**EXERCISE DIRECTIONS**. The records below need to be restated word for word.

Saved entries:
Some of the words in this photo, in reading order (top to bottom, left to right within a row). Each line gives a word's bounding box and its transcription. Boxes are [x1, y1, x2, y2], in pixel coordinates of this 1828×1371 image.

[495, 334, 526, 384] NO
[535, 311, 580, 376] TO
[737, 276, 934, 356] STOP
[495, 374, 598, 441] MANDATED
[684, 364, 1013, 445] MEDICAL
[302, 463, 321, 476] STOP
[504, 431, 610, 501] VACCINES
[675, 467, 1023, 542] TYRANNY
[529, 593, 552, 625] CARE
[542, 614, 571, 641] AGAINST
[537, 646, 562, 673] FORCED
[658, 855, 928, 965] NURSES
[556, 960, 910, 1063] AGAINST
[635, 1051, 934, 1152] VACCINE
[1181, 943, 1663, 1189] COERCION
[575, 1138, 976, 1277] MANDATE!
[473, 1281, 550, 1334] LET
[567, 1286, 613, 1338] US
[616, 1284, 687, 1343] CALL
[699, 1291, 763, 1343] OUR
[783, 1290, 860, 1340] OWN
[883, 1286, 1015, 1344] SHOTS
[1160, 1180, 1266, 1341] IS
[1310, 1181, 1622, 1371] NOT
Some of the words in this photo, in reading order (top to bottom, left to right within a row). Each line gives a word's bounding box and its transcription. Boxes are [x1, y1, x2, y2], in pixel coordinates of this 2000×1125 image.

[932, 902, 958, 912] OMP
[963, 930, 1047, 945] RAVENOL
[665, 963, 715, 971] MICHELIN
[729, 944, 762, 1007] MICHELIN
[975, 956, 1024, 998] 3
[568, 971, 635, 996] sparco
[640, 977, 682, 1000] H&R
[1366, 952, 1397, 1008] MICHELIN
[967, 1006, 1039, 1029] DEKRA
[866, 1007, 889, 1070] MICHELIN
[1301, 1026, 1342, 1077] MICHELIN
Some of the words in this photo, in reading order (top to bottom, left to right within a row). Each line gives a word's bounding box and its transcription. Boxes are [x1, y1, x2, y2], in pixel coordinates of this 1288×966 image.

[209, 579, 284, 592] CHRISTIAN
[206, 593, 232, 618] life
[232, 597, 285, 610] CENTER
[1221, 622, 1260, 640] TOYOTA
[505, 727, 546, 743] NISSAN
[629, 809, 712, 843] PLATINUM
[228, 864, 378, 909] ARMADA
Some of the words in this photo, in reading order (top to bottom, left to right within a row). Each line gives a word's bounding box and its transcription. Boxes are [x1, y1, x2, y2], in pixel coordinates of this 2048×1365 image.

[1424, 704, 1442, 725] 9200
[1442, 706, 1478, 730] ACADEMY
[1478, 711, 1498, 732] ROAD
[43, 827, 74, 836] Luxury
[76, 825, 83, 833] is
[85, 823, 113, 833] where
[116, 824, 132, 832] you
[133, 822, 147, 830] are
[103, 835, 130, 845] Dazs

**WORKED SOLUTION**.
Some of the words in this photo, in reading order (top to bottom, left to right within a row). Each line gives a word's bounding box and its transcription. Boxes are [x1, y1, x2, y2], in pixel coordinates of this 1828×1371 image.

[495, 334, 526, 384] NO
[535, 311, 580, 376] TO
[737, 276, 934, 356] STOP
[495, 374, 598, 441] MANDATED
[684, 364, 1013, 445] MEDICAL
[302, 463, 321, 476] STOP
[504, 431, 610, 501] VACCINES
[675, 467, 1023, 542] TYRANNY
[529, 593, 552, 625] CARE
[542, 614, 571, 641] AGAINST
[537, 646, 562, 673] FORCED
[658, 855, 928, 965] NURSES
[556, 960, 910, 1063] AGAINST
[635, 1051, 934, 1152] VACCINE
[1181, 943, 1663, 1189] COERCION
[575, 1138, 976, 1277] MANDATE!
[473, 1281, 550, 1334] LET
[567, 1286, 613, 1338] US
[616, 1284, 687, 1343] CALL
[699, 1291, 763, 1343] OUR
[783, 1290, 860, 1340] OWN
[883, 1286, 1015, 1344] SHOTS
[1160, 1180, 1266, 1341] IS
[1310, 1181, 1622, 1371] NOT
Some of the words in this photo, in reading order (top to bottom, left to right within a row). Each line gives a word's bounding box and its transcription. Boxes are [x1, y1, x2, y2], in pixel coordinates of this 2000×1125 image.

[932, 902, 958, 912] OMP
[963, 930, 1047, 945] RAVENOL
[665, 963, 715, 971] MICHELIN
[729, 944, 762, 1007] MICHELIN
[975, 956, 1024, 998] 3
[568, 971, 635, 996] sparco
[640, 977, 682, 1000] H&R
[1366, 952, 1397, 1008] MICHELIN
[967, 1006, 1039, 1029] DEKRA
[866, 1007, 889, 1070] MICHELIN
[1301, 1026, 1342, 1077] MICHELIN
Some of the words in this photo, in reading order (top to bottom, left to right within a row). Each line gives a word's bounding box and its transcription. Boxes are [x1, y1, x2, y2], in pixel coordinates of this 1288×966 image.

[209, 579, 284, 592] CHRISTIAN
[206, 593, 232, 618] life
[232, 597, 285, 610] CENTER
[1221, 622, 1260, 640] TOYOTA
[505, 727, 546, 743] NISSAN
[629, 809, 712, 843] PLATINUM
[228, 864, 378, 909] ARMADA
Some of the words in this photo, in reading order (top to bottom, left to right within a row). Each line gives a word's bounding box and its transcription. Boxes are [x1, y1, x2, y2], in pixel coordinates of this 2048×1365 image.

[1424, 704, 1442, 725] 9200
[1442, 706, 1478, 730] ACADEMY
[1478, 711, 1498, 732] ROAD
[43, 827, 74, 836] Luxury
[76, 825, 83, 833] is
[85, 823, 113, 833] where
[116, 824, 132, 832] you
[133, 822, 147, 830] are
[103, 835, 130, 845] Dazs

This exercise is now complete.